• [DESCRIPTION OF THE TASK]
With the pictures left out, restate exactly the part below that opens with the line containing "this 1288×966 image." and closes with the line containing "this 900×1600 image.".

• [EXERCISE DATA]
= = = = =

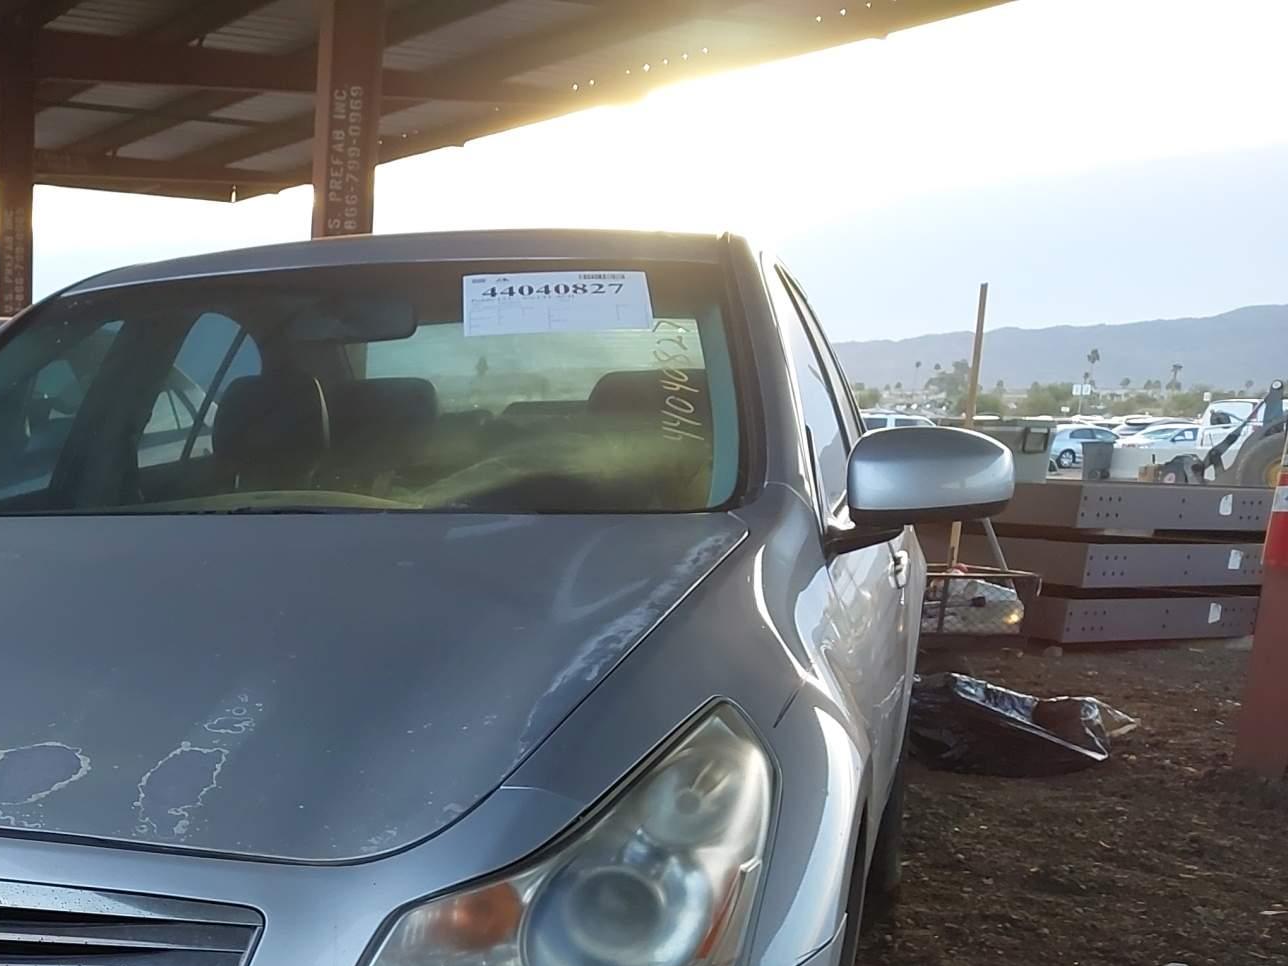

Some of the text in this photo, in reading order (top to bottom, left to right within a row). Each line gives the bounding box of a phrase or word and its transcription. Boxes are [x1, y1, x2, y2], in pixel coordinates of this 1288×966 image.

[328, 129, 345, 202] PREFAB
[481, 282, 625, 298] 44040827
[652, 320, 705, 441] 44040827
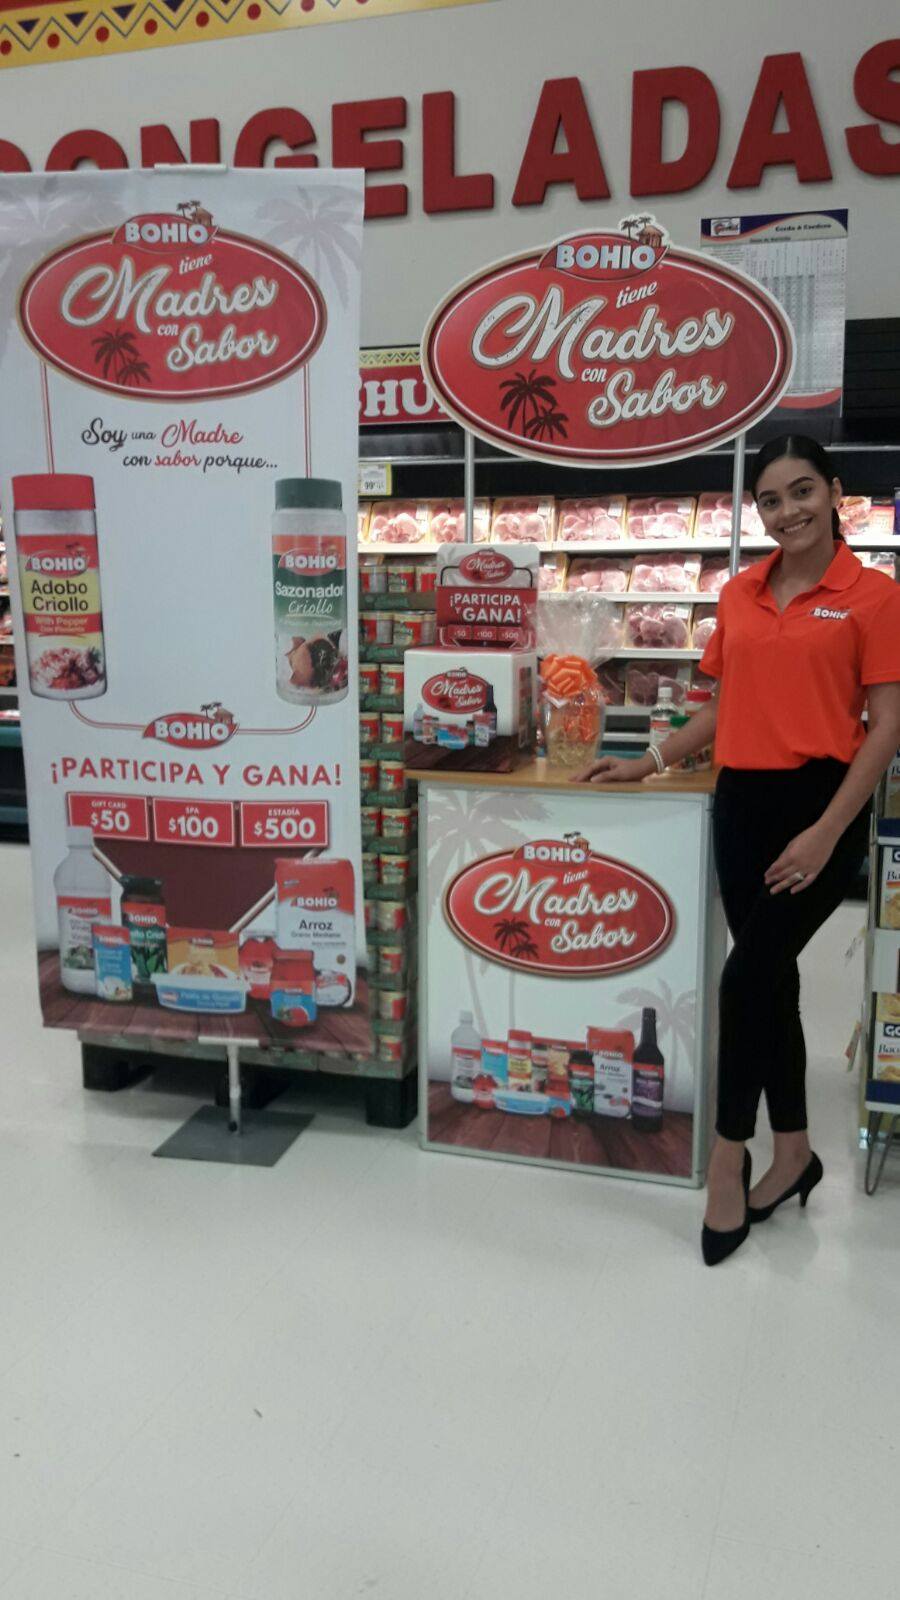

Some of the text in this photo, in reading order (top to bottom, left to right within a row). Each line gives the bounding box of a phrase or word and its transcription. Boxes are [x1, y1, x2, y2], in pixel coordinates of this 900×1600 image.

= = = = =

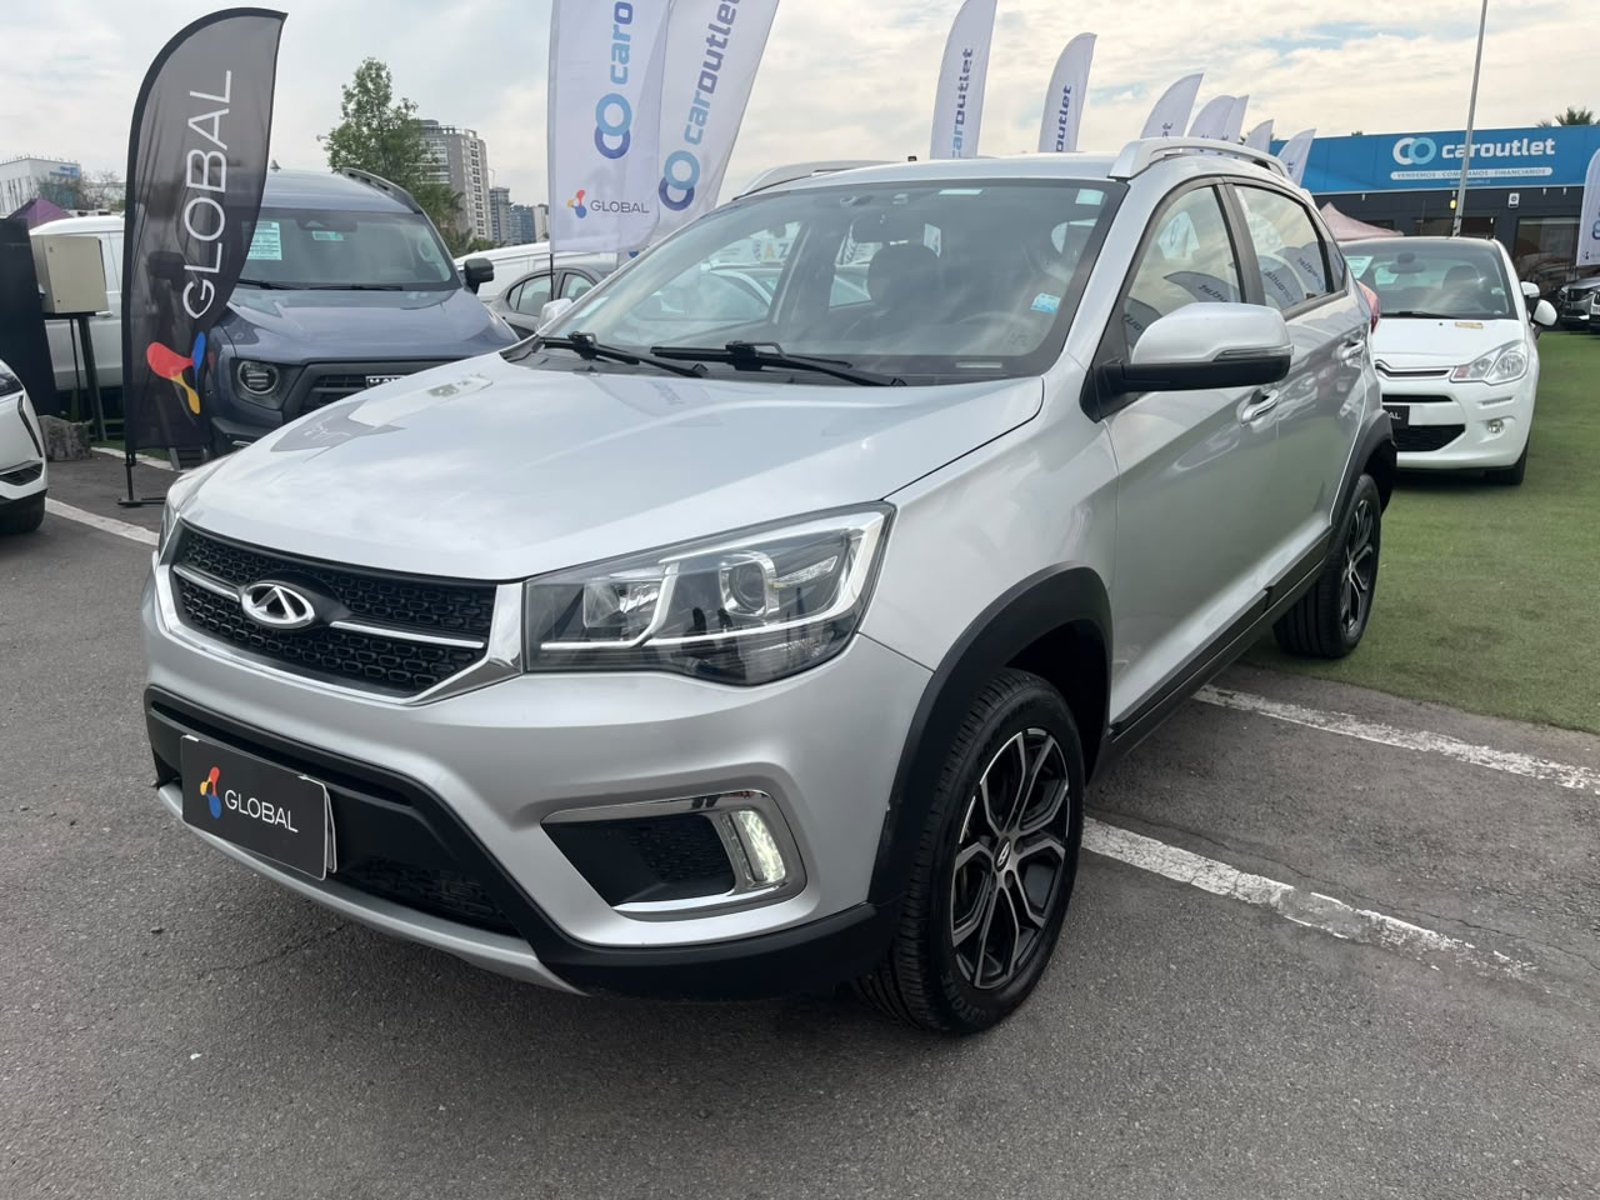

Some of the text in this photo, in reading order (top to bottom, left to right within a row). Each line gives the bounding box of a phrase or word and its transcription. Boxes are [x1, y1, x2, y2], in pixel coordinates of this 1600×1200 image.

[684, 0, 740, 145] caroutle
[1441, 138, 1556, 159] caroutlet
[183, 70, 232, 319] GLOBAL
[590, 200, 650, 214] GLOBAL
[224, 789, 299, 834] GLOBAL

= = = = =

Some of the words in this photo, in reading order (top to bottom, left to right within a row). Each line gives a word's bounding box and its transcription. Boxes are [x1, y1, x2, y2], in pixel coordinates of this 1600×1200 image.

= = = = =

• [TASK SOLUTION]
Some of the text in this photo, in reading order (top to bottom, left to right within a row). Each line gives the bounding box of a phrase or word and its transcription. Boxes are [x1, y1, x2, y2], in pixel coordinates of this 1288×966 image.

[328, 129, 345, 202] PREFAB
[481, 282, 625, 298] 44040827
[652, 320, 705, 441] 44040827

Some of the text in this photo, in reading order (top to bottom, left to right within a row). Each line gives the bounding box of a phrase or word and its transcription. Boxes are [x1, y1, x2, y2], in pixel coordinates of this 900×1600 image.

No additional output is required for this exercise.